Connolly v. State
Decision Date | 30 November 1990 |
Docket Number | 1 Div. 90 |
Citation | 602 So.2d 443 |
Parties | Rodney CONNOLLY v. STATE. |
Court | Alabama Court of Criminal Appeals |
Elizabeth H. Shaw, Mobile, for appellant.
Don Siegelman, Atty. Gen., and Robert E. Lusk, Jr., Asst. Atty. Gen., for appellee.

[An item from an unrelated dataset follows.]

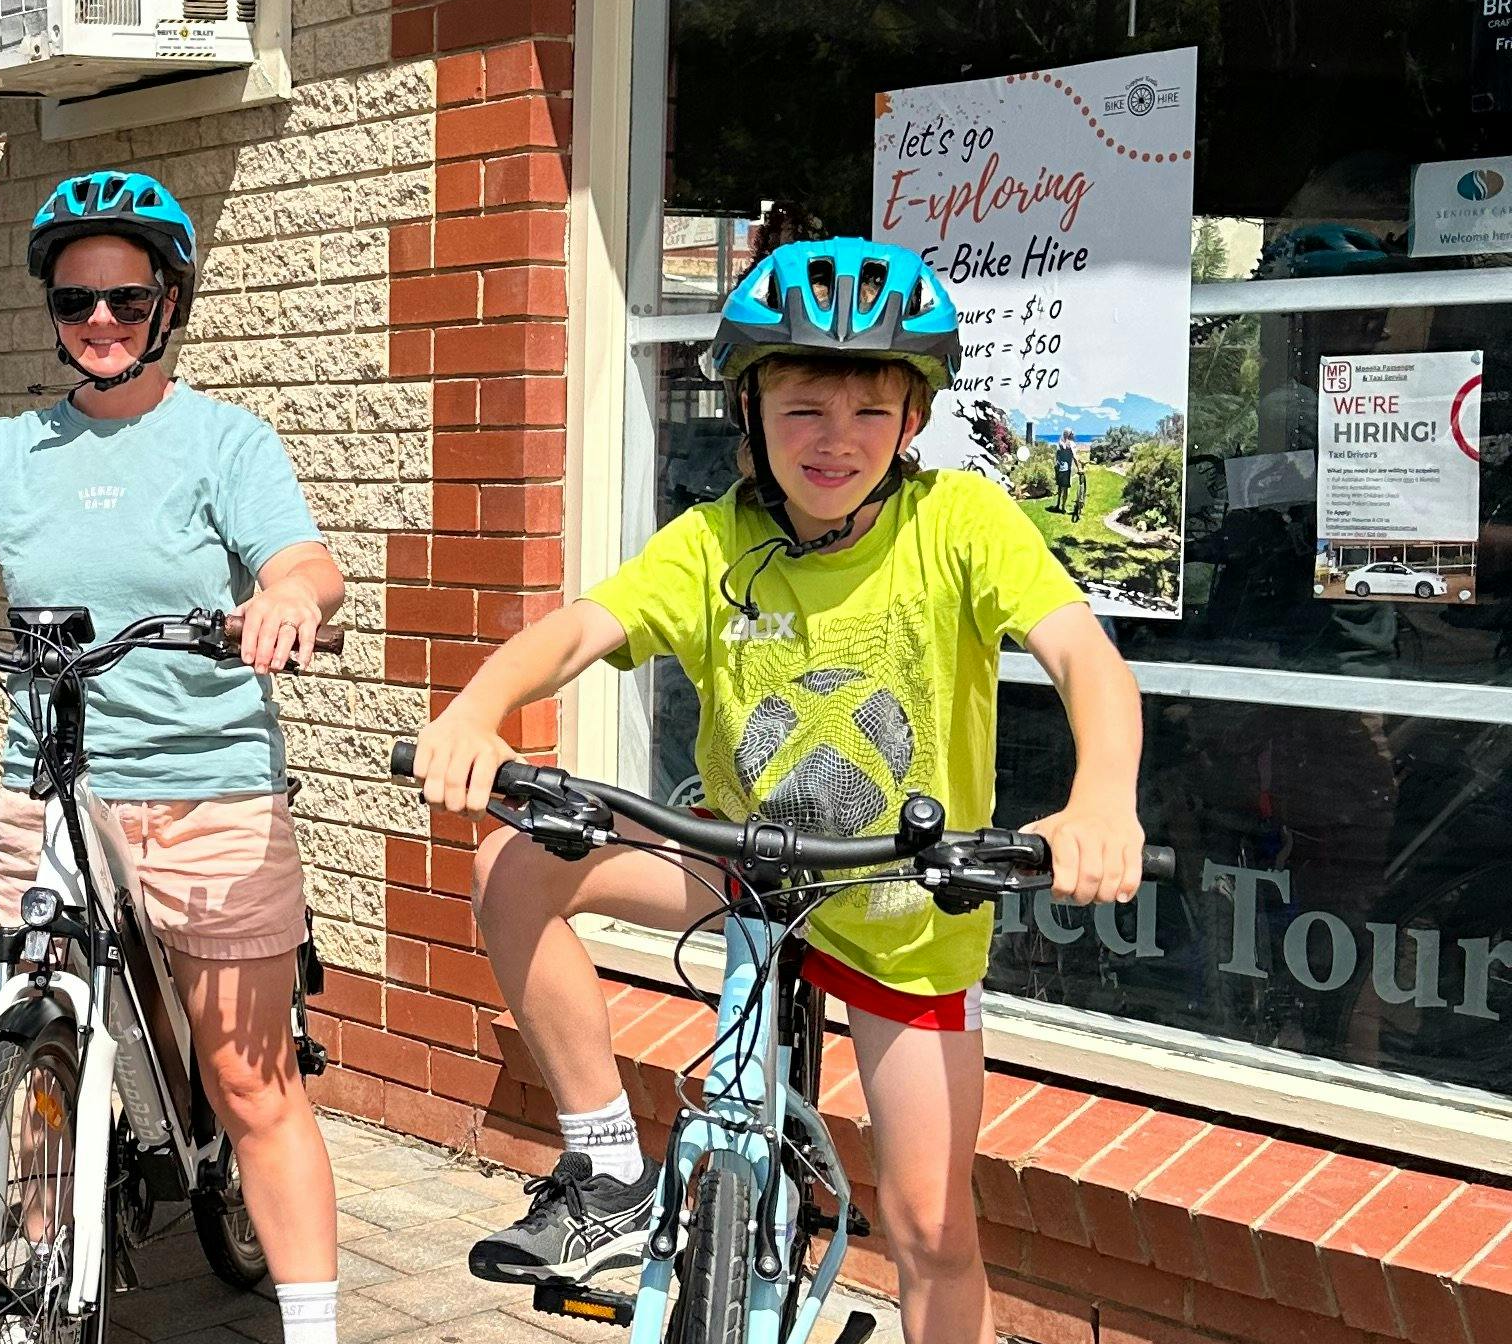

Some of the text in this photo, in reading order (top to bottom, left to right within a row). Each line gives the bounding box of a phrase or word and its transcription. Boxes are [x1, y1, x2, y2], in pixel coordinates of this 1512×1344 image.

The appellant, Rodney James Connolly, was originally convicted and sentenced to life without parole for the 1983 capital murder-robbery of Kathy Jo Sands. That conviction was reversed on appeal because of the trial court's failure to instruct the jury on the lesser included offense of murder. Connolly v. State, 500 So.2d 57 (Ala.Cr.App.1985), affirmed, 500 So.2d 68 (Ala.1986). Connolly was then tried and convicted for the theft of Ms. Sands's automobile. That conviction was affirmed on appeal. Connolly v. State, 467 So.2d 970 (Ala.Cr.App.1985) (no opinion). After that conviction for theft, Connolly was then retried for capital murder-robbery. He was then convicted of murder and sentenced to life imprisonment. That conviction was reversed on appeal because the prosecution for capital murder-robbery was barred by his prior conviction for the theft of the victim's automobile under principles of former jeopardy. Connolly v. State, 539 So.2d 436 (Ala.Cr.App.1988). In 1989, Connolly was tried and convicted for the non-capital murder of Ms. Sands. He was sentenced to life imprisonment without the possibility of parole as a habitual felony offender. This appeal is from that conviction and sentence. The defendant raises five issues on this appeal.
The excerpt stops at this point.